Sembra la normalità pre-Covid. Niente Green Pass, niente mascherine e, soprattutto, niente paura. C’è spensieratezza, aria di entusiasmo, novità e freschezza. Dove? In Danimarca. Il viaggio di AGI nel paese nordeuropeo è un sogno. La gente non ne vuole più sapere di restrizioni. E’ felice. “La trovo perfetta come decisione, parliamo ormai di una normale influenza. Vanno protette le persone che sono più a rischio ma non tutta la popolazione dev’essere rinchiusa”, le parole di un uomo. “Finalmente possiamo tornare a uscire, a ballare, a bere”, racconta una ragazza di 17 anni nel pieno della voglia di vivere. “C’era mancato poter uscire con gli amici, stare insieme”, le dà sostegno Sophie, sua coetanea e compagna di studi. “Abbiamo organizzato una festa a scuola venerdì, finirà a mezzanotte poi continueremo a festeggiare fuori. Non sappiamo come andrà in futuro ma forse la pandemia la possiamo combattere con i vaccini e non più con le restrizioni. Ovviamente chi vuole mettere la mascherina lo può fare”.

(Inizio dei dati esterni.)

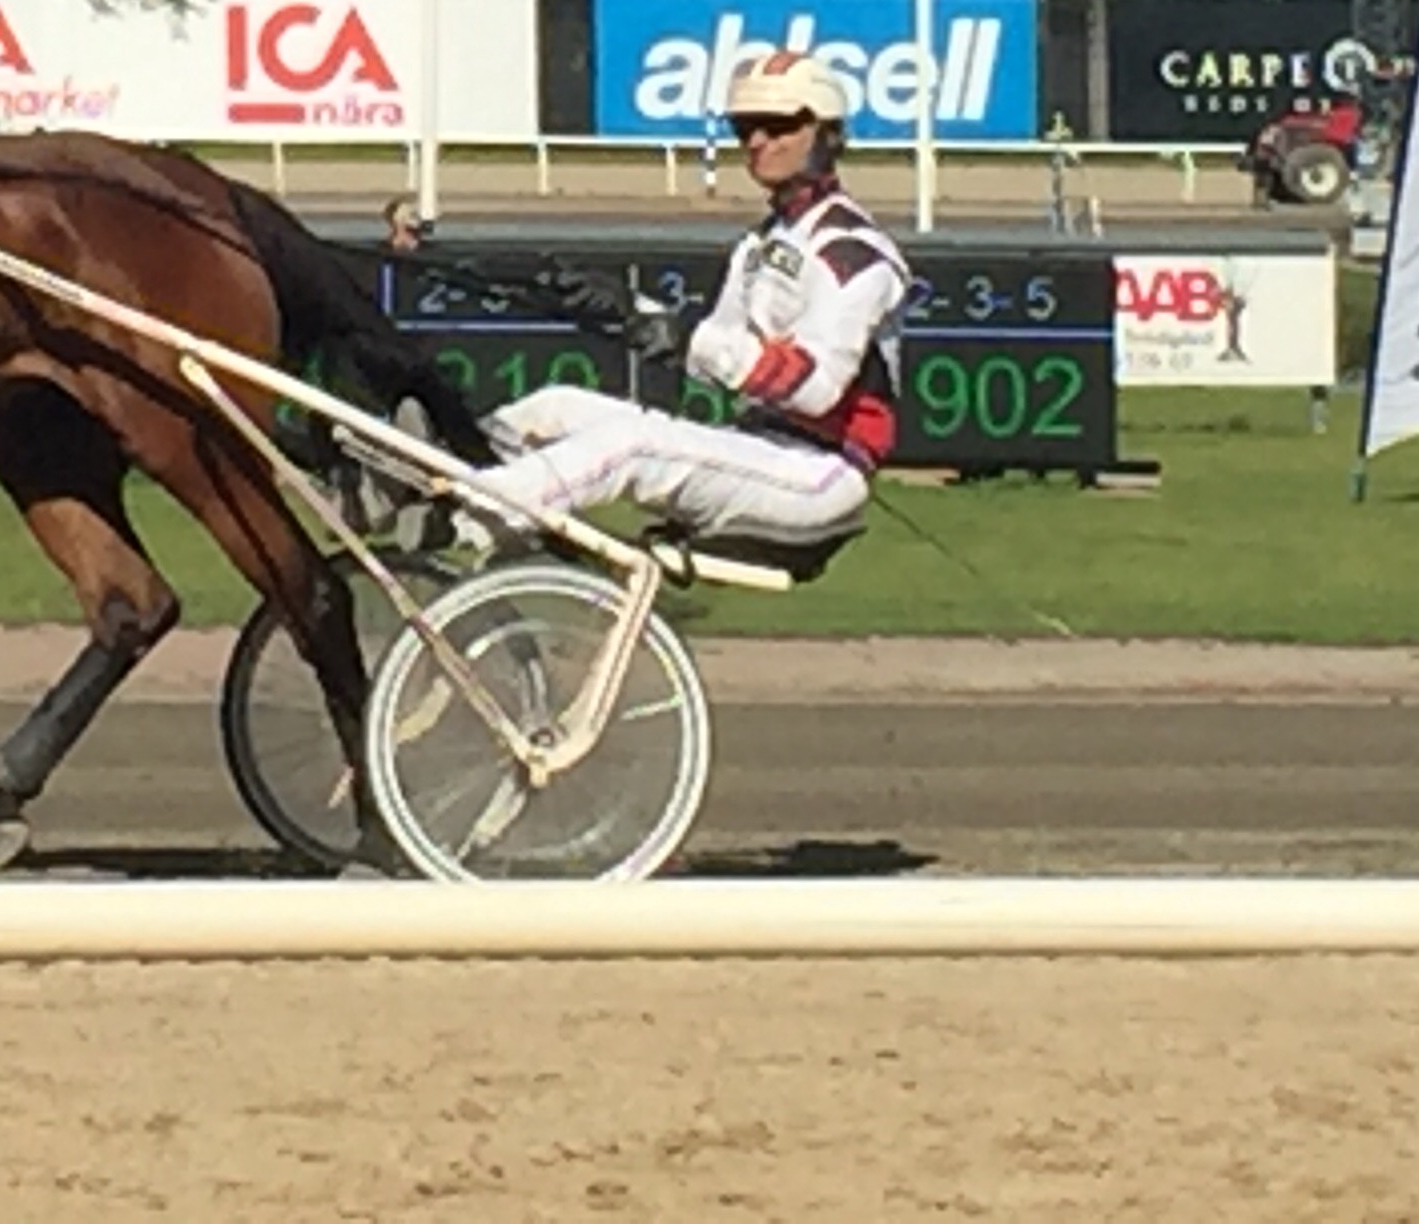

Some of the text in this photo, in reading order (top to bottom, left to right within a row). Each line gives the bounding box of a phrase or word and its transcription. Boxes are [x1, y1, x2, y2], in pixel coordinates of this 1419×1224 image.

[227, 3, 400, 92] ICA
[1160, 49, 1313, 88] CARPE
[914, 354, 1085, 439] 902

In Danimarca la media di casi attuali è intorno ai 50 mila, con più del 60% di vaccinati con booster. E la mascherina non serve più neanche nei mezzi: “Secondo me prima o poi saremo tutti contagiati dalla Omicron, tanto vale togliere le restrizioni per accelerare il processo di immunizzazione”, sostiene un quarantenne che accompagna il figlio uscito dall’asilo. Nessuno dei due ha il volto coperto. Loro come tanti, all’aperto e al chiuso. “Abbiamo cinquantamila casi al giorno ma nessuno ha la mascherina, nemmeno in autobus serve, in treno. Nei ristoranti non serve più mostrare il coronapass. E’ dello stesso avviso Claudio Dal Moro, cittadino italiano che vive e lavora a Copenaghen da 31 anni. La disamina del ristoratore è reale ed è anche un po’ triste, soprattutto quando paragonata a quella italiana: “C’è stato un calo enorme di attività per il ristorante – ha detto – ma a differenza dell’Italia qui abbiamo degli aiuti per il personale, per gli affitti. Anche durante il lockdown più duro tutti i dipendenti hanno avuto il loro stipendio”. E poi svela: “Io sono veneto, e l’ultima volta che sono stato a Venezia, a settembre, ho provato tanta tristezza per tutte le chiusure che ho visto. Temo seriamente che la nostra economia non possa più riprendersi“.